# pedal-kurbel gewinde problem



## ride (22. März 2010)

hab heute mit schrecken feststellen müssen, dass sich das eine Pedal (wellgo mg1) beim letzten fahren wohl etwas gelöst hat und nun bereits ziemlichen schaden angerichtet hat. pedal ist zwar noch gut in der kurbel (try all) drin, dreht aber leer und geht deshalb nicht rein und nicht raus.
Hatte die pedalen ende letztes jahr neu eingesetzt und dann auch nach den ersten paar fahrten immer wieder festgezogen. nun dachte ich es hält.

was soll ich nun tun? pedale irgendwie rausbringen? oder einfach warten was passiert? sind kurbel und pedal nun futsch oder nur eines von beidem?

für ratschläge wär ich dankbar!


----------



## hst_trialer (22. März 2010)

pedal raus, gewinde in der kurbel inspizieren und sich beim fahrradhändler des vertrauens nach einer reparatur erkundigen. es gibt extra einsätze dafür die meist stabiler sind als die originalgewinde


----------



## MTB-News.de




----------



## MarcoFuelEx (22. März 2010)

Hätte da auch ein Problem. Hab am We andere Pedale montiert. Hab mich noch gewundert, warum es etwas streng geht. Heute wollte ich wieder fahren, und da Pedal viel ab. Das ganze Gewinde ist dahin. Kann man das nachschneiden lassen? Oder muss da ne neue Kurbel her?


----------



## andis (22. März 2010)

Hallo ihr,

hatte im letzten Jahr das gleiche Problem. Ich habe mir beim Fahrradladen meines Vertrauens für 30 Euro einen Heli-Coil einsetzen lassen (was das ist, sagt google). Leider hat es bei mir nur drei Monate gehalten. War also keine dauerhafte Lösung. Im Gegensatz zu den Heli-Coils in den Gewinden der Magura-Vierpunkt-Aufnahme. Evtl. kommt es drauf an, wo die Heli-Coils benutzt werden.

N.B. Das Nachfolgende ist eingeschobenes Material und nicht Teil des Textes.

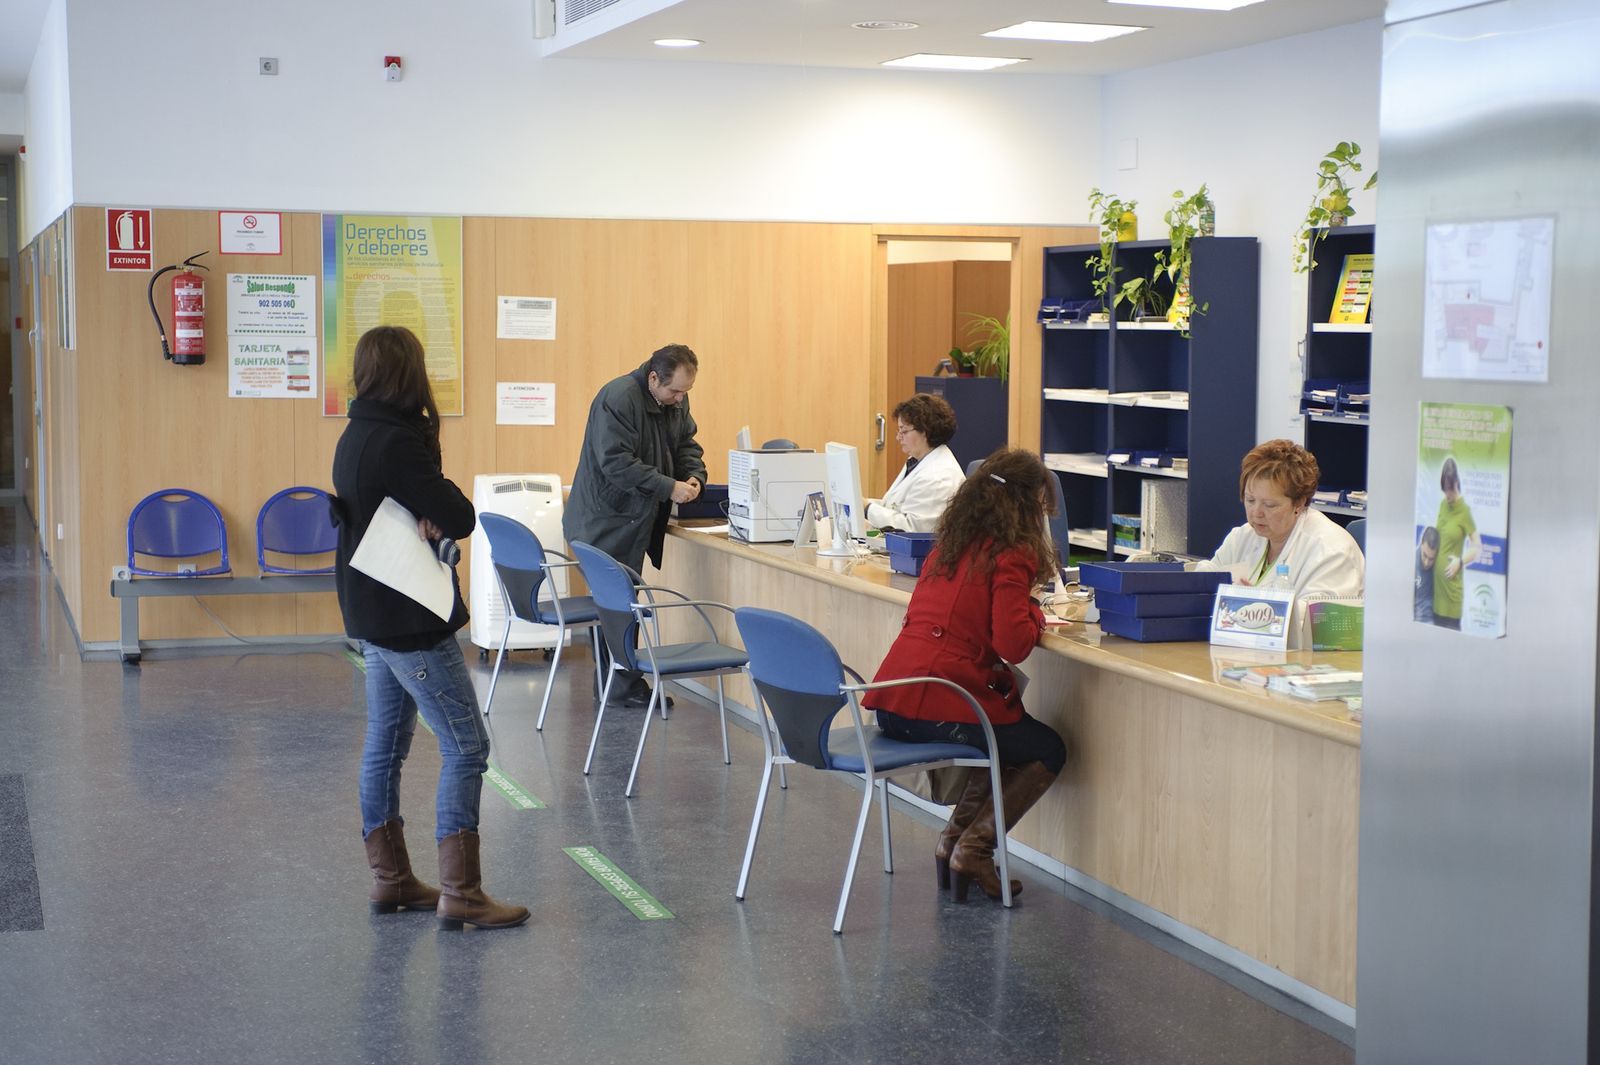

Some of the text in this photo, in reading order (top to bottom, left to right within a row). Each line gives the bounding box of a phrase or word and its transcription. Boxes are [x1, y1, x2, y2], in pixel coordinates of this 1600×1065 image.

[345, 223, 427, 241] Derechos
[345, 240, 429, 256] y deberes
[113, 257, 147, 265] EXTINTOR
[352, 271, 390, 281] derechos
[246, 279, 265, 294] Salud
[265, 281, 295, 294] Responde
[258, 299, 296, 309] 902 505 060
[237, 344, 282, 353] TARJETA
[234, 357, 287, 366] SANITARIA
[1240, 606, 1273, 624] 2009
[571, 847, 664, 918] POR FAVOR ESPERE SU TURNO

Wenn ihr das Geld übrig habt, würde ich im Falle der Kurbel eher zu einem Neukauf raten. Ärgerlich das alles

sg
xx


----------



## hst_trialer (22. März 2010)

also helicoils sind schon gut, müssen aber auch richtig montiert und am besten noch ordentlich mit loctite eingeklebt werden.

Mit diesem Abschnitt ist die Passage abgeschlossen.